Il soutient que les moyens soulevés par Mme A...ne sont pas fondés.
Par ordonnance du 13 avril 2017, la clôture d'instruction a été fixée au 19 mai 2017 à 12h00.
Mme A...a été admise au bénéfice de l'aide juridictionnelle totale par une décision du 18 mai 2017.
Vu :
- les autres pièces du dossier ;
Vu :
- la convention européenne de sauvegarde des droits de l'homme et des libertés fondamentales ;
- le code de l'entrée et du séjour des étrangers et du droit d'asile ;
- le code de justice administrative.
Les parties ont été régulièrement averties du jour de l'audience.
Ont été entendus au cours de l'audience publique :
- le rapport de Mme Florence Madelaigue,
- les conclusions de Mme Frédérique Munoz-Pauziès, rapporteur public,
Considérant ce qui suit :
1. MmeA..., de nationalité albanaise, est entrée irrégulièrement en France le 27 octobre 2013 selon ses déclarations. Elle a sollicité le bénéfice de l'asile en France qui a été rejeté par l'Office français de protection des réfugiés et apatrides (OFPRA) le 30 septembre 2014, décision confirmée par la Cour nationale du droit d'asile (CNDA) le 18 juin 2015. Par un arrêté du 28 juillet 2015, dont la légalité a été confirmée par la cour administrative d'appel de Bordeaux le 29 janvier 2016, le préfet de la Charente-Maritime a refusé de lui délivrer un titre de séjour et l'a obligée à quitter le territoire français en fixant le pays de renvoi. Mme A...qui s'est maintenue irrégulièrement sur le territoire français, a déposé, le 30 octobre 2015, une demande d'admission exceptionnelle au séjour qui a fait l'objet d'une décision implicite de rejet. Mme A...a été convoquée au commissariat de police le 4 novembre 2016 à la suite de son expulsion d'un logement occupé dans un centre d'accueil des demandeurs d'asile et le même jour, le préfet lui a notifié un arrêté dont le dispositif énonce une obligation de quitter le territoire français et fixe le pays à destination duquel elle est susceptible d'être reconduite. Mme A...relève appel du jugement du tribunal administratif de Poitiers qui a rejeté sa demande tendant à l'annulation de cet arrêté.
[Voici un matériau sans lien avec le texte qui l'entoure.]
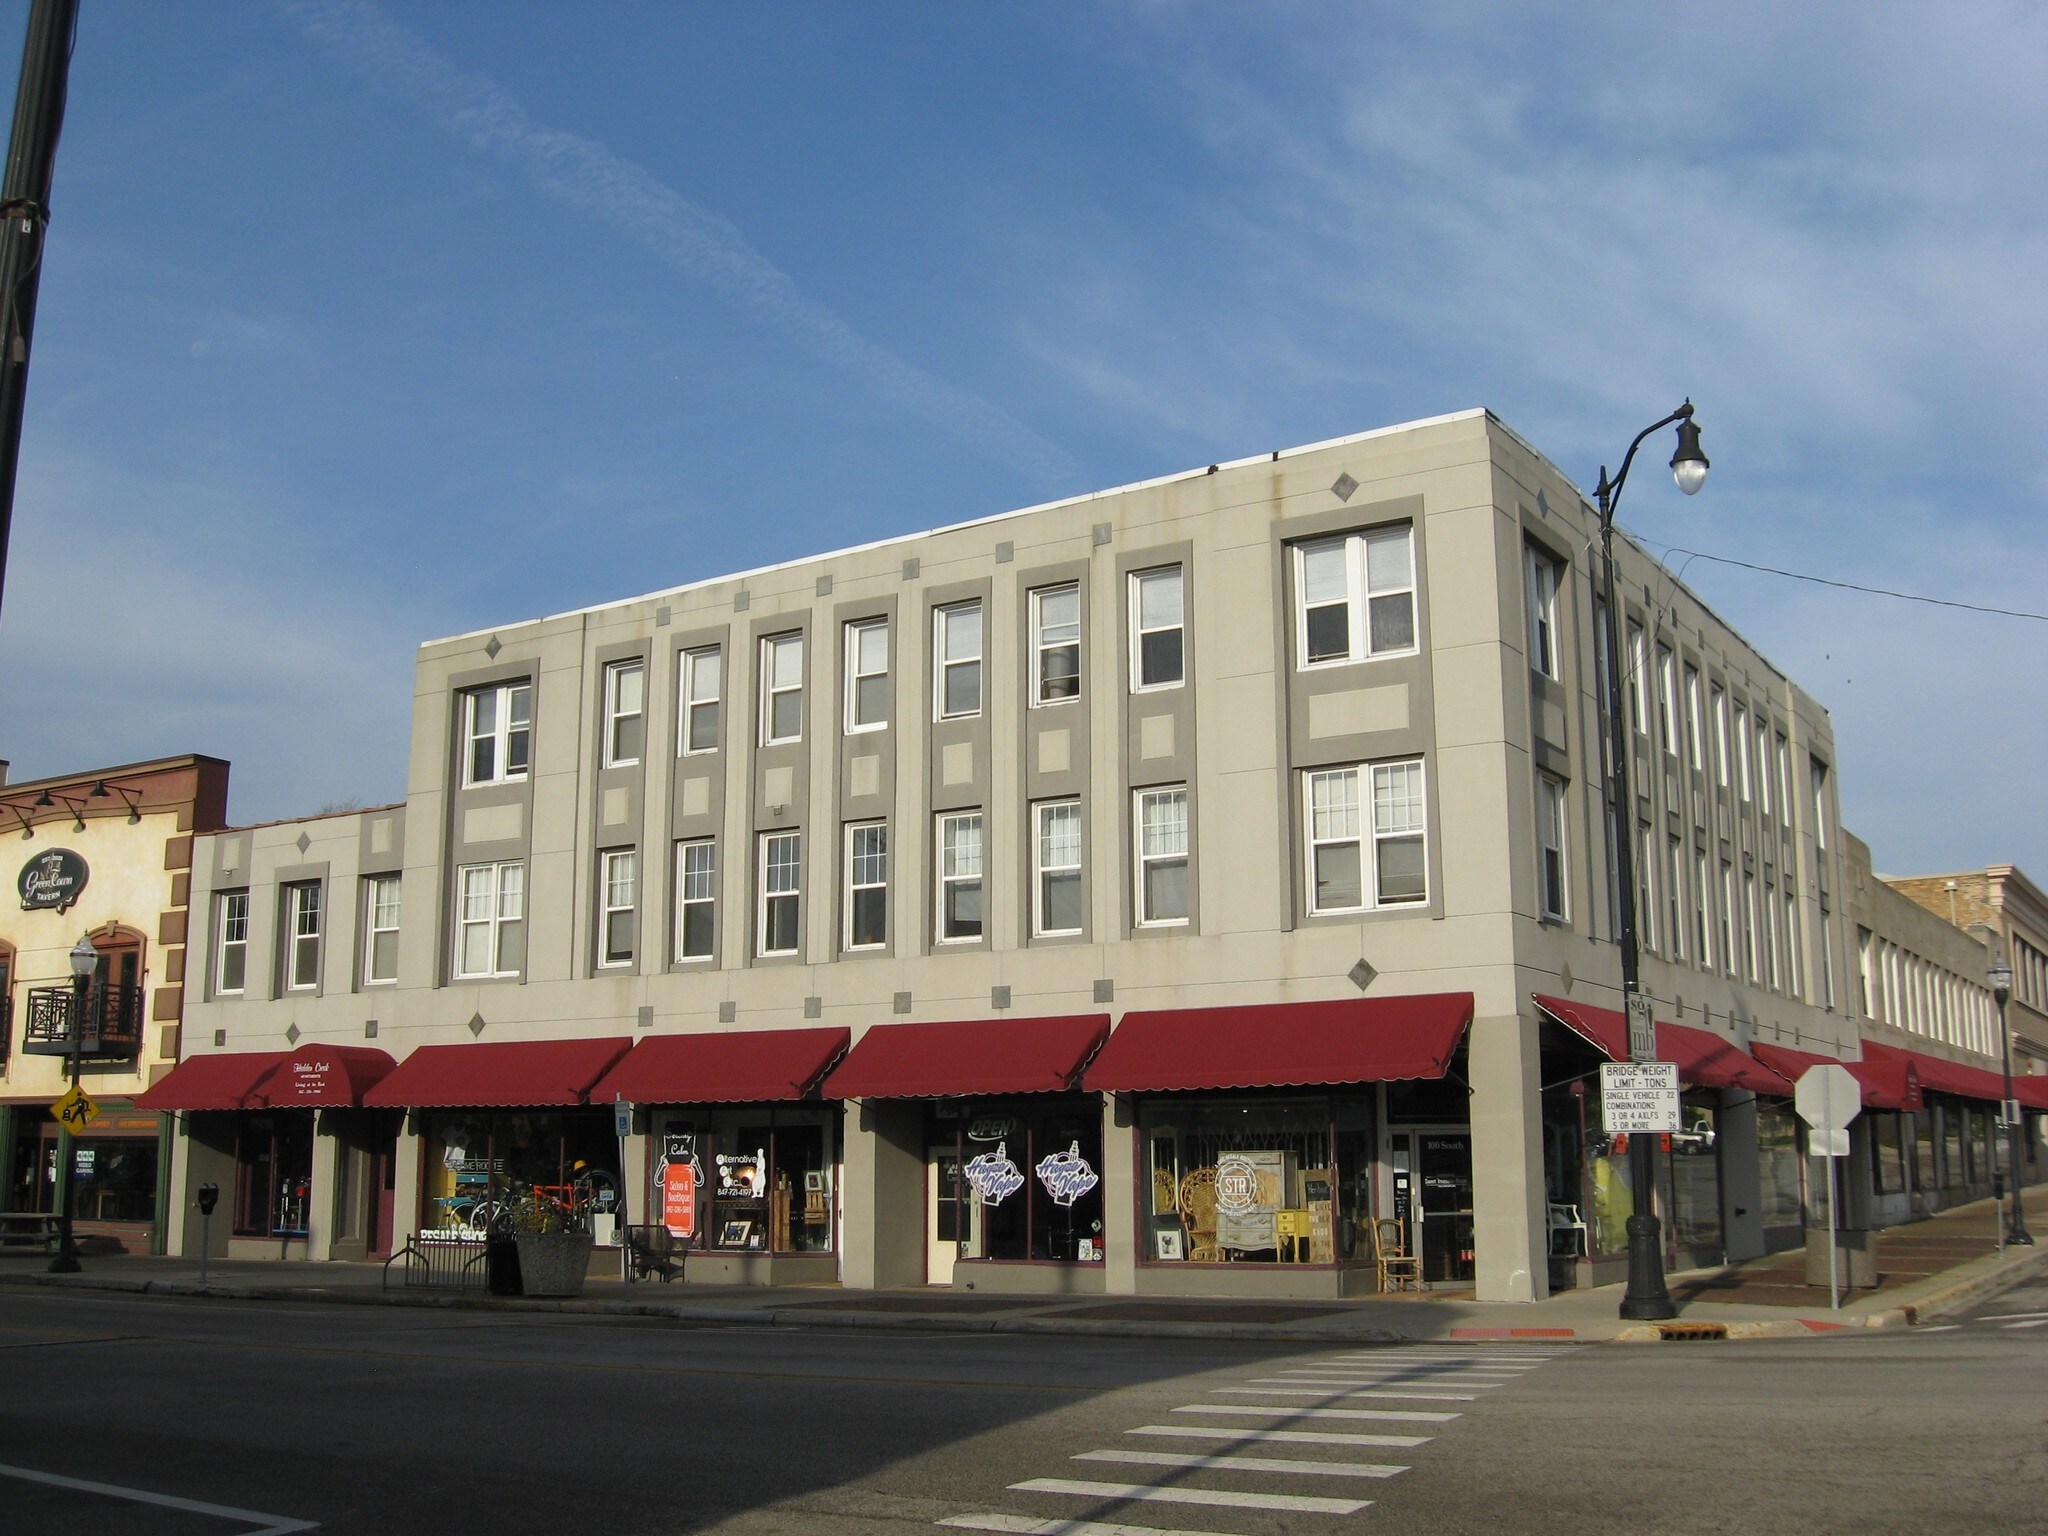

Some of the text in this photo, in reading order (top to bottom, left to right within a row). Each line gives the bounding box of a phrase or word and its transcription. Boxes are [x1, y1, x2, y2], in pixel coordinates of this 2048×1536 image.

[37, 892, 60, 900] TAVERN
[1607, 1066, 1671, 1076] BRIDGE WEIGHT
[1614, 1079, 1635, 1088] LIMIT
[1644, 1078, 1666, 1087] TONS
[971, 1120, 1011, 1136] OPEN
[1428, 1141, 1463, 1149] 100 South
[716, 1154, 758, 1165] Alternative
[720, 1165, 732, 1176] Art
[986, 1173, 1024, 1201] Vape
[1059, 1173, 1098, 1200] Vape
[1225, 1178, 1246, 1193] STR
Sur la régularité du jugement :
2. Il ressort de la motivation de l'arrêté attaqué que le préfet de la Charente-Maritime a examiné si Mme A...pouvait obtenir la délivrance d'un titre de séjour sur le fondement des dispositions du 7° de l'article L. 313-11 et sur celles de l'article L. 313-14 du code de l'entrée et du séjour des étrangers et du droit d'asile, qu'il vise, avant de conclure que " l'intéressée n'entre dans aucun cas d'attribution d'un titre de séjour en application du code précité ". Par suite, l'arrêté, en dépit des lacunes du dispositif, doit être regardé comme ayant opposé expressément à l'intéressée un refus de séjour. Dans ces conditions, les conclusions de Mme A...tendant à l'annulation de l'arrêté attaqué en tant qu'il porte refus de séjour étaient recevables, contrairement à ce qu'ont estimé les premiers juges. Le jugement, irrégulier, doit donc être annulé.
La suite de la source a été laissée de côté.